The only thing that ever blocks my writing is my working for an international corporation. There is no other kind of writer’s block that I know of.
The desire to write never really goes away, but I can push it aside when I am absolutely exhausted. I don’t want to push it aside, though. I want to sit down and write.
I have several things that I’ve been thinking about writing; it’s not as if I am lacking material or ideas.
But this week has been so full of work that it became downright impossible to even think about writing and intelligible writing at that. Anything that I felt would turn out at least okay and not be utterly forced out of my hands, poured over the keyboard and spread around on this bloody blank page.
Every time I wanted to make an attempt my brain seemed frozen. Not a single thought wanted to form itself and be spoken aloud. Or written out.
I find this endlessly frustrating, especially considering how I am currently spending my energy and time.
I am in Greece once more, the third time in as many months and it completely inhibits my ability to write. It’s work, work, work. I work eight hours in the office and hardly get to run out to have lunch, today entirely postponing it until it turned almost into an early dinner. Too busy to eat. Never mind to think.
Back at the hotel I work at least another hour or two. Today the internet at the hotel was broken, the IT team tried to get at least my laptop connected, because I still had so much to do and the day turned so late that I couldn’t find it in me anymore to do much work once I was connected, however intermittently.
A part of me thinks: just suck the life right out of me, why don’t you.
Yet, I can’t quit.
I will, in good time. Once I won’t let anybody down any longer and I am not going to be needed anymore. I seriously wonder what would happen if I handed in my resignation.
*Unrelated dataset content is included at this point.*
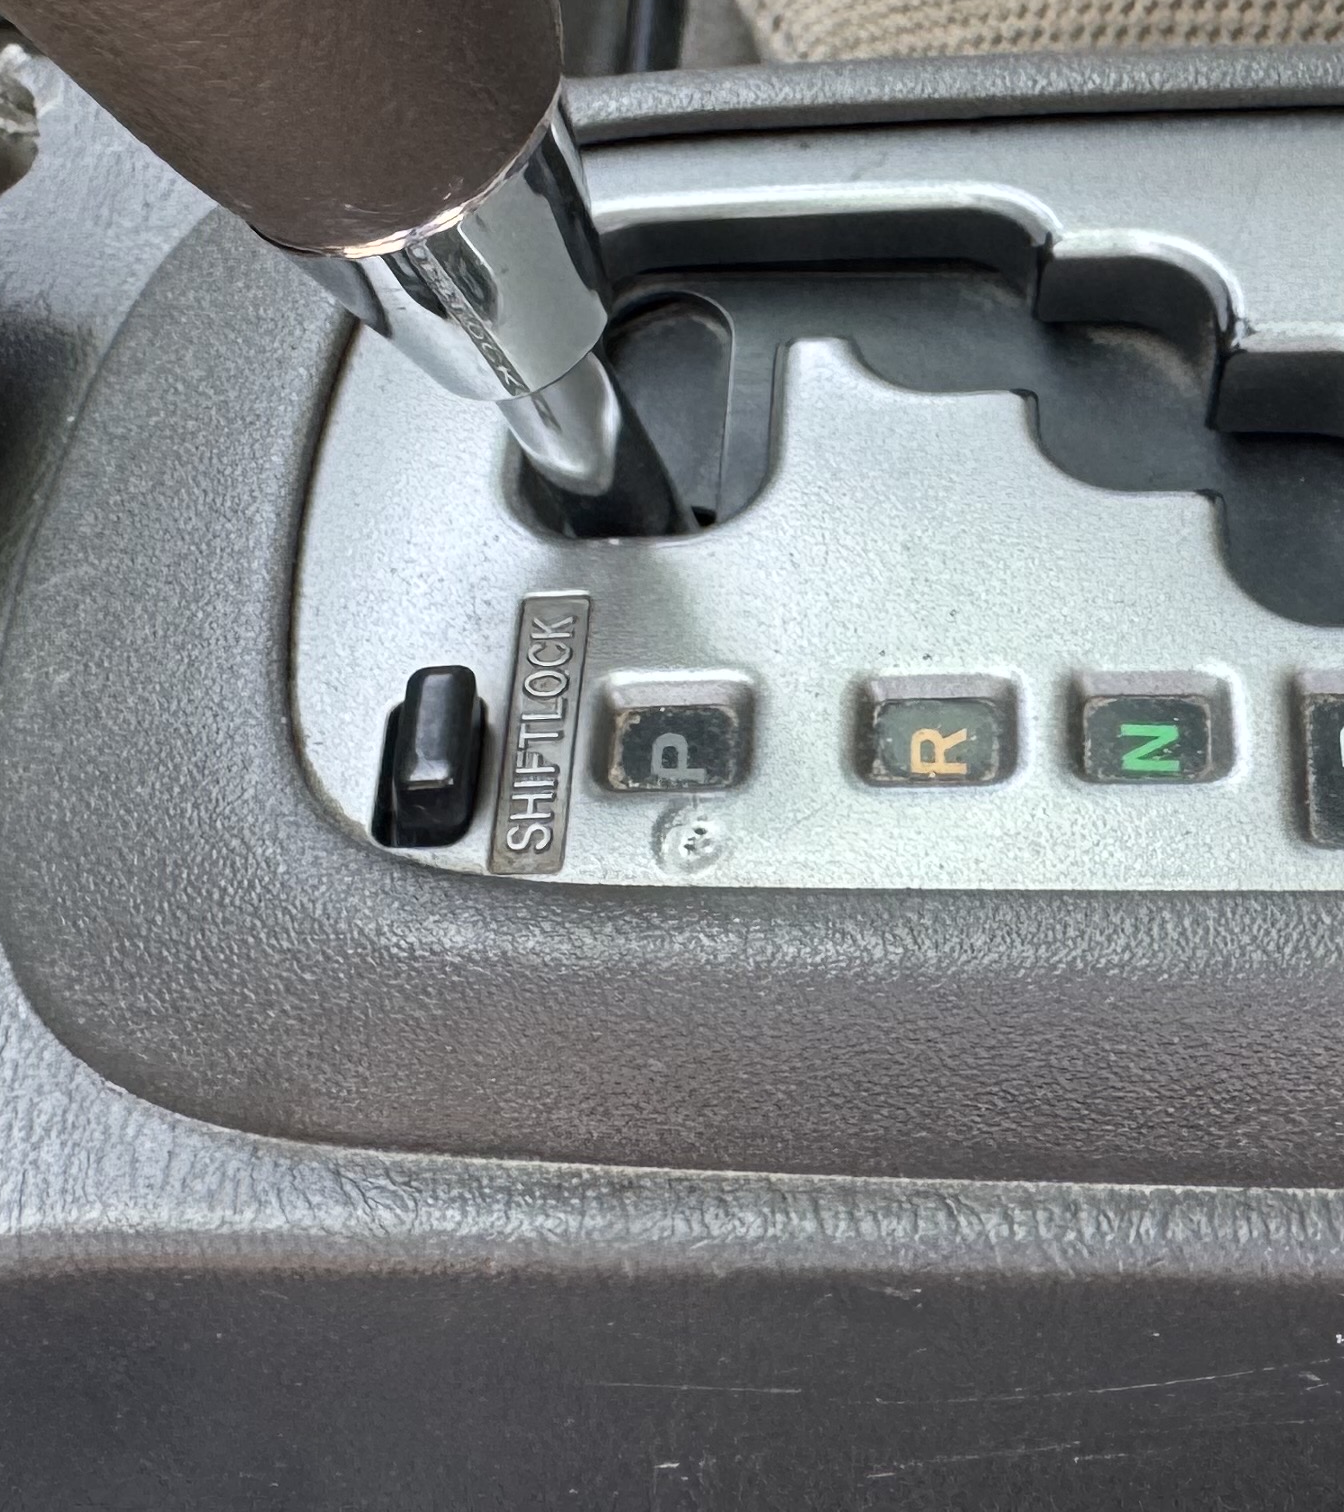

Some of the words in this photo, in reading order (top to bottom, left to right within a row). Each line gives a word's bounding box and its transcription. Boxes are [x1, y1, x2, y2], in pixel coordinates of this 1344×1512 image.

[651, 732, 707, 783] P
[910, 727, 968, 775] R
[1120, 723, 1181, 773] N
I have no intention to do that, but I do wonder what the reactions would be.
I have another full day in the office before we fly back to London. I am already utterly exhausted. My mind and my will to continue have been completely drained.
So write I must to heal that wounded soul. It’s the only treatment I have. The cure must wait. I will feel better going to sleep on my boat tomorrow night.
The worst part is that I don’t hate my job. It can be frustrating and stressful, but I don’t hate it. I genuinely like my co-workers and my team. If I would hate my job I could just walk away.
It’s a catch 22. Stuck between a rock and a hard place and all that.
Very well. I need to pack my tiny little suitcase now. I managed to go out once this week and hang around Plaka in the center of Athens, which is a nice area albeit touristy.
I’ve never spend so much time in a city and seen so little of it.
That pains my traveller’s soul.
At least my writer’s soul gets a moment’s peace today.